Je voudrais deviser avec ma bête mais elle ne me laisse aucun répit. Mes bras craquent, se tordent, mes doigts se recroquevillent pour repousser mes omoplates vers le ciel. Mon visage déjà en bonne voie, s'agrandit et la rage de dents qui me torture m'arrache un hurlement plus proche du feulement que d'un cri d'homme.

— Nom de dieu vous m'aurez tout fait aujourd'hui, j'entends au-dessus de moi.

Mon dos s'arque et mes hanches me propulsent sur le flanc pour permettre aux pattes de ma bête de prendre forme. Je profite d'un apaisement pour souffler et consentir à laisser ma place à la panthère qui partage mon ADN depuis ma naissance, plus doucement.

C'est avec toute la délicatesse sauvage qu'elle me retranche au fond pour s'abreuver de la réalité. Emile se penche au-dessus d'elle et balance, désappointé :

— La Hiérarchie est au courant et quelqu'un est venu chercher ta protégée. Maintenant tu vas me faire le plaisir de disparaître et ne plus jamais remettre les pieds ici.

Ses yeux brillent de la puissance animale qui sommeille en lui. Il n'est pas plus vieux que moi, mais a une maîtrise bien plus sereine que la mienne. Mon passé violent restera pour toujours la seule façon dont ma bête et moi avons réussi à grandir et évoluer ensemble. Même si l'éducation que le Maître m'a donnée, a comblé nombreuses lacunes d'adaptations au monde des humains.

Ma bête pousse un grognement et se relève souplement. Elle contourne Emile et nous sortons en catimini par la porte de service pour rejoindre l'extérieur. Il fait encore jour et si un humain nous voit, cela risque d'engendrer de la panique. On se faufile entre les voitures garées et longeons les bâtiments dans l'ombre que je manipule pour fuir vers la nature encore préservée aux abords de la ville.

Elle relâche la pression qu'elle exerce sur moi, pour me permettre d'utiliser la magie qu'on m'a octroyée, afin de jouer avec les ombres. Ainsi on pourra rester cachés aux yeux des humains.

Nous poursuivons notre cavalcade pendant un long moment avant de nous sentir en sécurité. Ma bête a besoin de chasser et je ne suis pas sûr qu'elle trouve de grandes proies dans ce petit bois. Je la laisse errer et guetter la chair fraîche qu'elle désire tant. Cette faim qui gronde en elle me déstabilise à chaque fois. Je devrais y être habitué, mais non. Je n'éprouve aucun plaisir à subir cette partie de notre cohabitation. Après tant d'années, cela me répugne toujours autant. Je ne sais pas comment font les autres métamorphes comme moi.

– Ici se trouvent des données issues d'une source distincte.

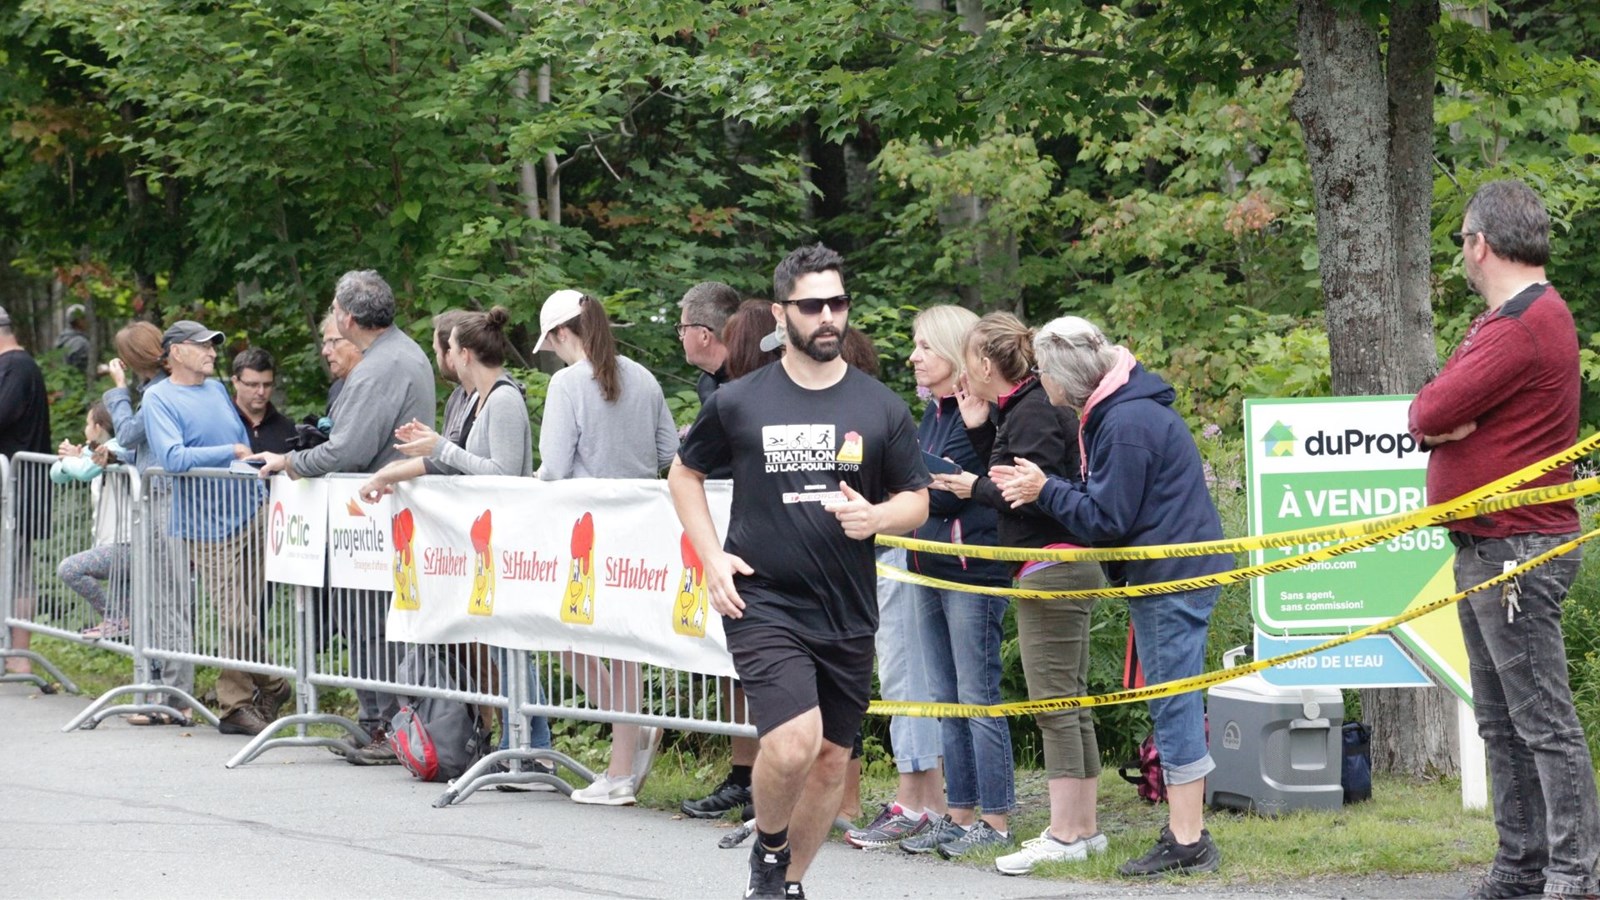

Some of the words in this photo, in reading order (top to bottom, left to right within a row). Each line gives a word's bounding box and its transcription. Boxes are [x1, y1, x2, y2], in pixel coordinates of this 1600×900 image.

Il fait nuit quand enfin, elle se calme et qu'elle me laisse interagir avec elle. Elle se prélasse sur l'épaisseur de feuilles mortes qui jonchent le sol et comme elle, je reste à l'affût du moindre bruit. Puis elle décide qu'il est temps d'échanger.

Ombre. Tu as senti le pouvoir de petite fille ?

— Oui. Je crois qu'elle n'en a pas conscience. Je n'avais jamais fait attention qu'elle recelait autant de puissance. Elle a pourtant subi l'Ascension avant son accident.